2/2: Freiwilligkeit im Arbeitsverhältnis
Bei den von der App gesammelten Informationen über die Mitarbeiter handelt es sich um Gesundheitsdaten, deren Verarbeitung nach §§ 3 Nr.9, 28 Abs.6 ff. BDSG nur in Ausnahmefällen zulässig ist. Und die liegen in diesem Fall nicht vor. Die App darf daher nur zum Einsatz kommen, wenn der Mitarbeiter mit der Nutzung seiner Daten einverstanden ist. § 4a BDSG stellt an diese Einwilligung jedoch hohe Anforderungen.
Die Einwilligung muss auf der freien Entscheidung des Betroffenen beruhen. Im Arbeitsrecht war wegen der Ober-/Unterordnungssituation in Arbeitsverhältnissen lange umstritten, ob ein Beschäftigter überhaupt wirksam in die Verarbeitung seiner Daten einwilligen kann. Zwar hatte das Bundesverfassungsgericht hierzu schon vor Jahren festgestellt, dass nicht nur bei Begründung, sondern auch in einem laufenden Arbeitsverhältnis ein ungleiches wirtschaftliches Kräfteverhältnis zwischen den Vertragsparteien besteht, woraus sich eine strukturelle Unterlegenheit des Arbeitnehmers ergebe (BVerfG, Beschl. v. 23.06.2006, Az. 1 BvR 1909/06). Allerdings hat das Bundesarbeitsgericht (BAG) kürzlich entschieden, dass Arbeitnehmer grundsätzlich auch im Rahmen eines Arbeitsverhältnisses frei entscheiden könnten, wie sie ihr Grundrecht auf informationelle Selbstbestimmung aus Art. 2 Abs. 1 i.V.m. Art. 1 Abs. 1 Grundgesetz ausüben wollten (BAG, Urt. v. 11.12.2014 – 8 AZR 1010/13).
BAG-Urteil ist kein Freifahrtschein
Man darf diese Entscheidung allerdings nicht dahingehend verstehen, dass nunmehr die strukturelle Unterlegenheit des Arbeitnehmers im Beschäftigungsverhältnis ad acta gelegt werden könne und eine Einwilligung in die wie auch immer geartete Verarbeitung von Daten stets freiwillig sei.

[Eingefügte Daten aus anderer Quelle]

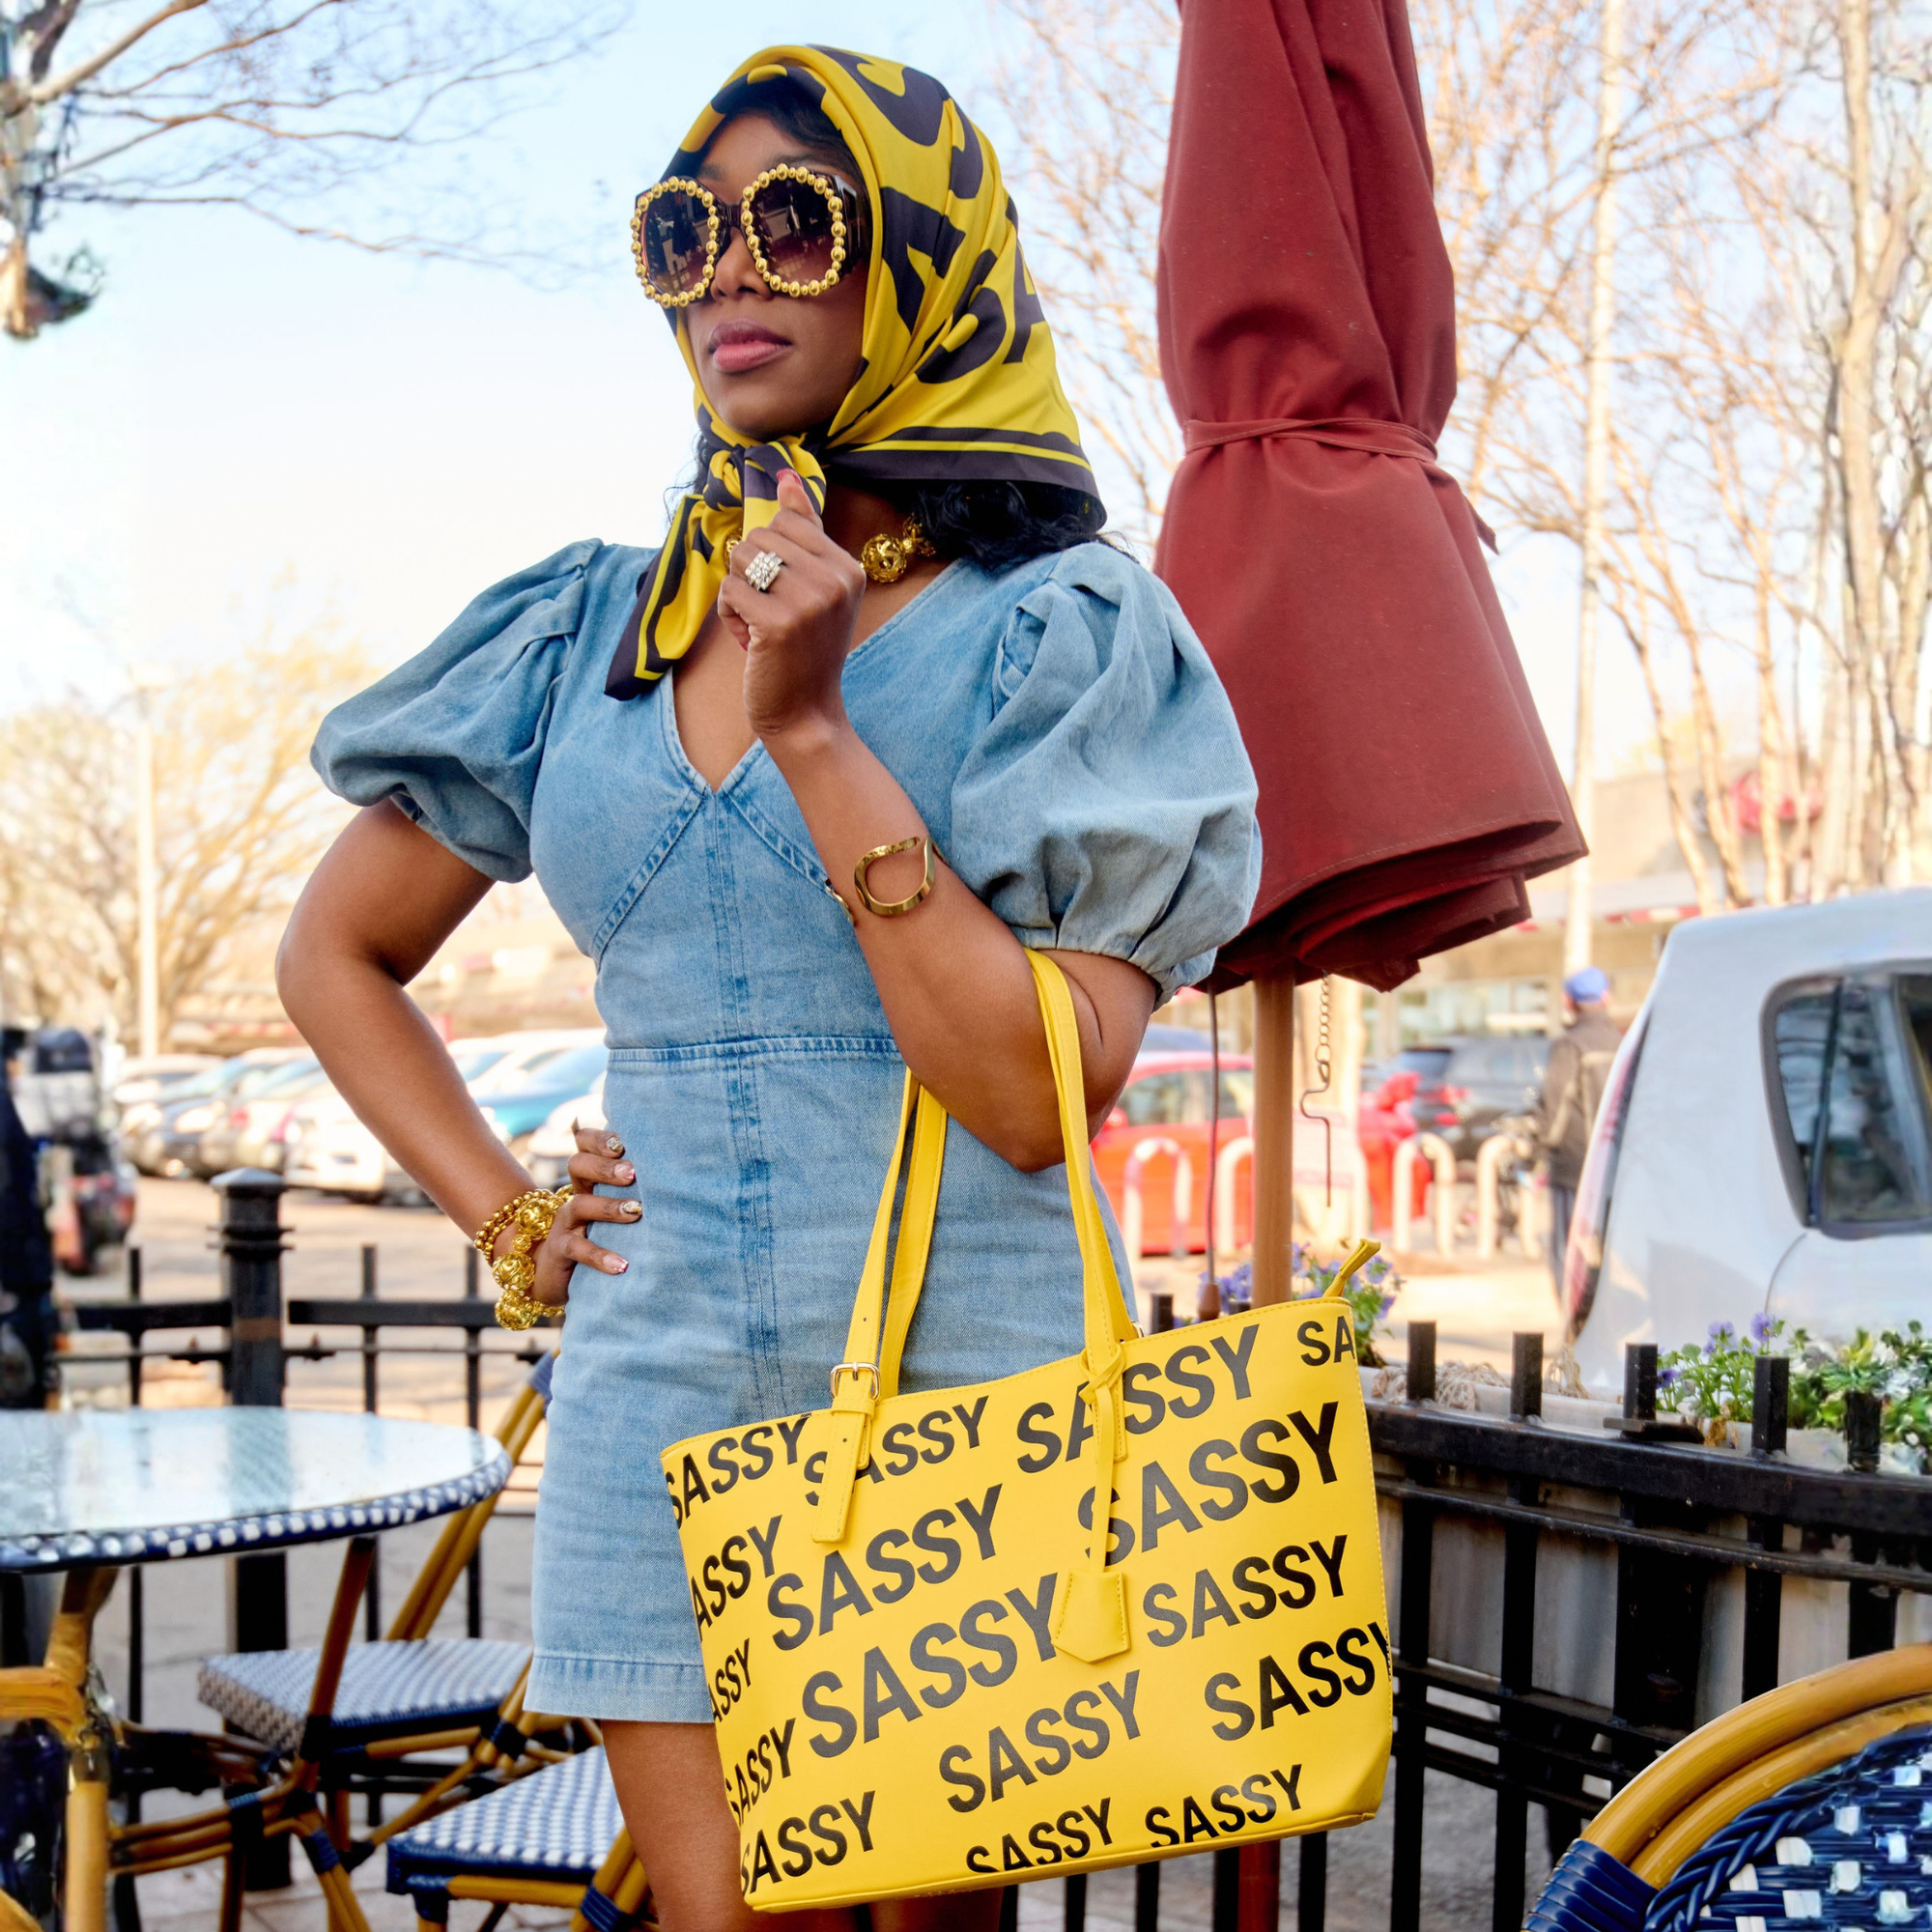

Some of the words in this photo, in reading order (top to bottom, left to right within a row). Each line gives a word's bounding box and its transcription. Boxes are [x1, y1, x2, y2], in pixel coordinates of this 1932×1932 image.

Die App verarbeitet Gesundheitsdaten, die nach §§ 3 Nr. 9, 28 Abs.6 ff. BDSG gesetzlich einem besonderen Schutz unterliegen. Es mag sein, dass einige Mitarbeiter kein Problem damit haben, dass ihr Smartphone Informationen über ihr gesundheitliches Befinden an den Arbeitgeber liefert. Ein Großteil wird sich jedoch fragen, was mit den Daten geschieht, ob damit zum Beispiel Leistungs- und Belastbarkeitsschätzungen vorgenommen werden können. Wenn nun einige Mitarbeiter vorpreschen, sehen sich die Zögernden in einer Zwangssituation: Wird der Chef nicht meinen, sie hielten mit etwas hinter dem Berg, wenn sie eine Einwilligungserklärung nicht unterschreiben? Hier läge also ein Fall der strukturellen Unterlegenheit vor, der an der Freiwilligkeit einer Einwilligung zweifeln lässt.
Daten müssen nicht anonym bleiben
Zwar soll das Programm die Daten anonymisiert an das Unternehmen liefern und ein Rückschluss auf den einzelnen Mitarbeiter nicht möglich sein. Die Frage ist jedoch, ob die Anonymität im Unternehmen gewährleistet ist. Durch die Kombination von verfügbaren Daten kann eine De-Anonymisierung erfolgen. Die App ist nur sinnvoll, wenn umfassend Bewegungs- und Standortdaten geliefert werden. Denn nur so lässt sich ermitteln, welchen Belastungen Mitarbeiter ausgesetzt sind, die häufig unterwegs sind. Mit einem Blick auf den Terminkalender eines Beschäftigten kann dann ein Zusammenhang zu den anonymisierten Daten hergestellt werden.
In den Unternehmen sind vor allem die betrieblichen Interessenvertretungen gefragt, ihr Mitbestimmungsrecht aus § 87 Abs.1 Nr.6 Betriebsverfassungsgesetz wahrzunehmen, wenn der Arbeitgeber solche E-Health-Anwendungen einführen möchte. In den Chefetagen sollte man sich zudem Gedanken über den Sinn und Unsinn derartiger Programme machen. Die Ermittlung des Gesundheitszustandes der Belegschaft sollte man grundsätzlich Ärzten überlassen, und nicht einem Softwareprogramm.